The Children’s High-Risk Asthma Bundled Payment demonstration, a partnership between UMass Medical School and MassHealth, the state Medicaid program, is featured in a Brookings Institution case study on pediatric asthma payment reform.
The payment initiative, geared toward children ages 2 to 18 whose asthma is likely to lead to an emergency room visit, gives participating providers a monthly payment for asthma-related goods or services not normally covered by insurance. Those goods or services could include vacuum filters, mattress covers or home visits from community health workers who teach families how to reduce household triggers.
The case study, which was released April 27, examines the role of payment models in supporting care redesign for children with poorly controlled asthma. Payment reforms in several states were reviewed, including the bundled payment in Massachusetts.
The case study stemmed from a Brookings Institution MEDTalk discussion Sept. 24 about how alternative payment models can support innovative ways of providing care for children with asthma. Katharine London, MS, a principal at the Center for Health Law and Economics, a unit within UMass Medical School’s Commonwealth Medicine division, spoke at MEDTalk: Pediatric Asthma and Transforming Care for the Most Vulnerable, the third in the Merkin Series on Innovations in Care Delivery.
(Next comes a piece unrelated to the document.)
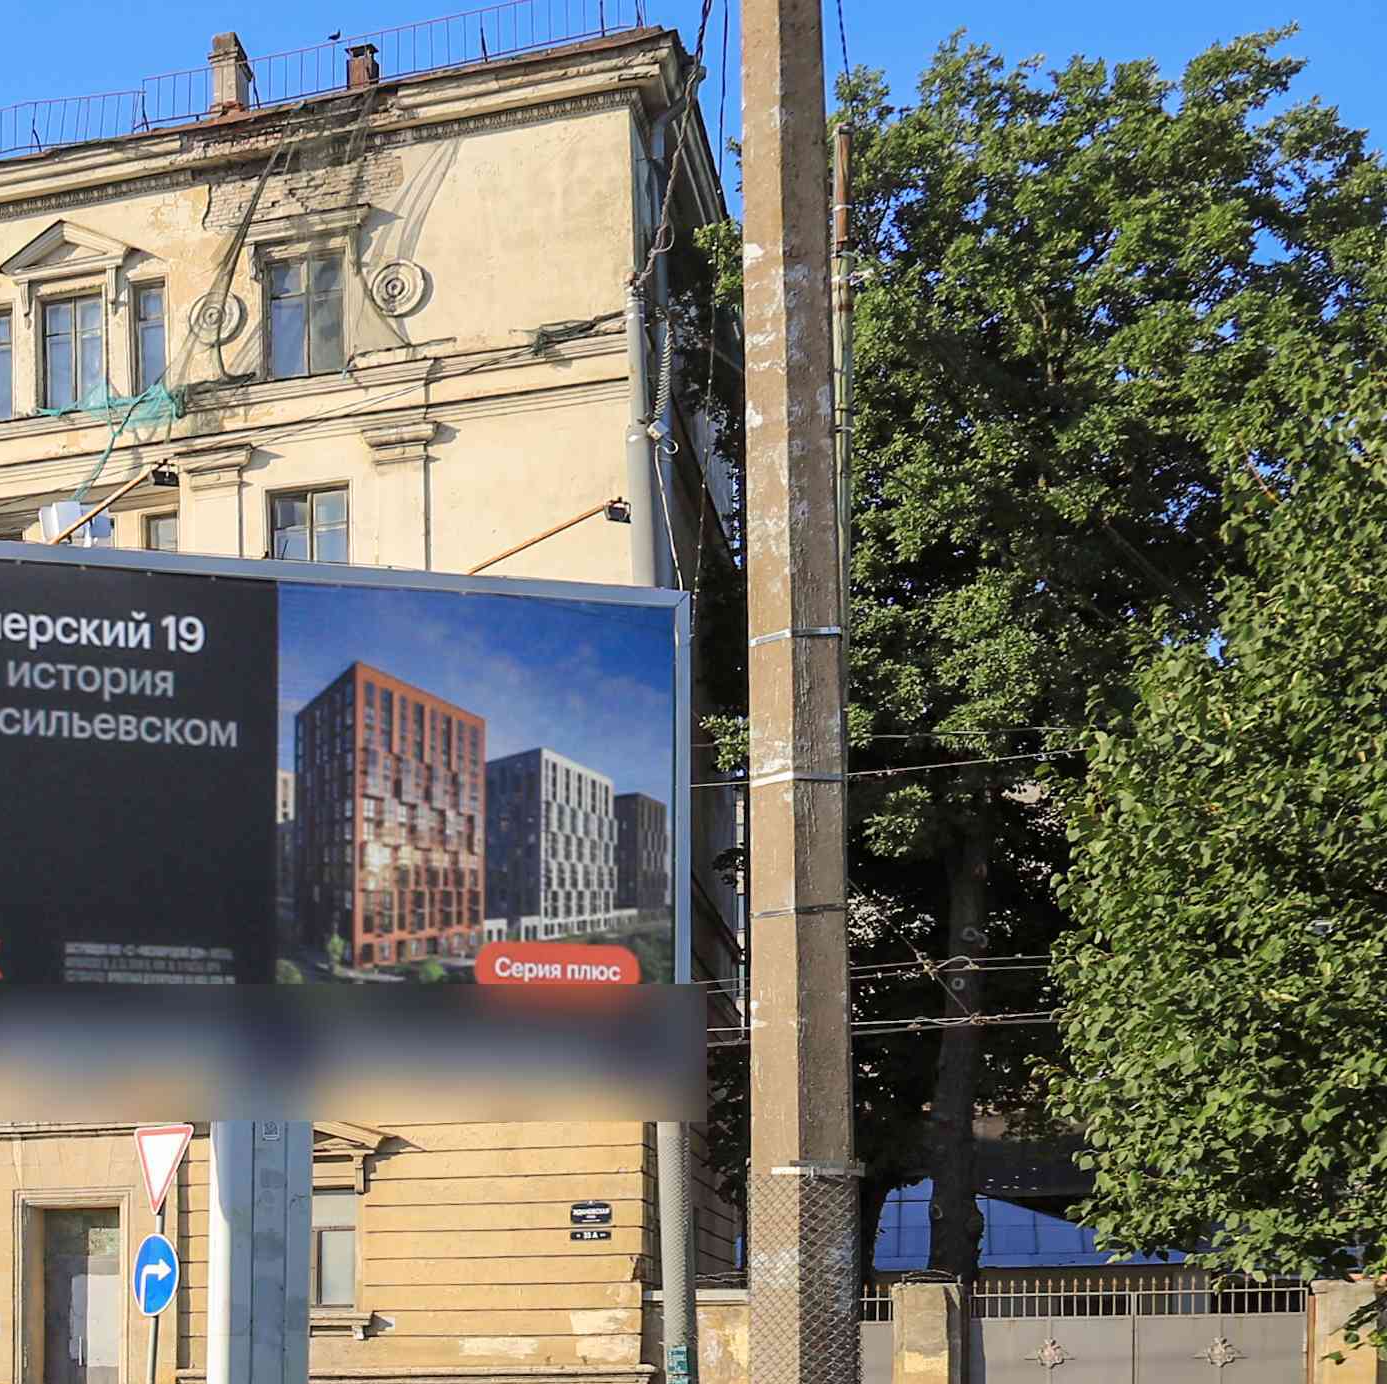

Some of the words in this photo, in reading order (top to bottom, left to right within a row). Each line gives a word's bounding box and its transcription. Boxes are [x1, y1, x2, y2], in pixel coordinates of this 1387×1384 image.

London discussed the bundled payment system in the demonstration program, of which she is UMass Medical School’s project lead, during the forum. Her talk focused on three areas: alternative payment methods in use in Massachusetts, how providers who care for patients with asthma and chronic conditions can benefit from them, and possible difficulties in execution of the reforms.
The Telegram & Gazette wrote about the bundled payment demonstration in an article March 4. The article explored the difficulties faced by families with asthmatic children and limited resources, and the financial effect on MassHealth. London discussed the bundled payment pilot with the Telegram & Gazette, noting that the payment method is “new and revolutionary.”
“If children are living in housing where there are pests of any kind, where there is mold, where there are high pollution levels, then there are triggers for asthma attacks that can keep children out of school and a parent away from a job,” London, who spent many years parenting an asthmatic son, told the Telegram & Gazette.
Commonwealth Medicine has been collaborating with MassHealth on an asthma initiative since 2011, shortly after legislation required the state to develop bundled payment models for health care.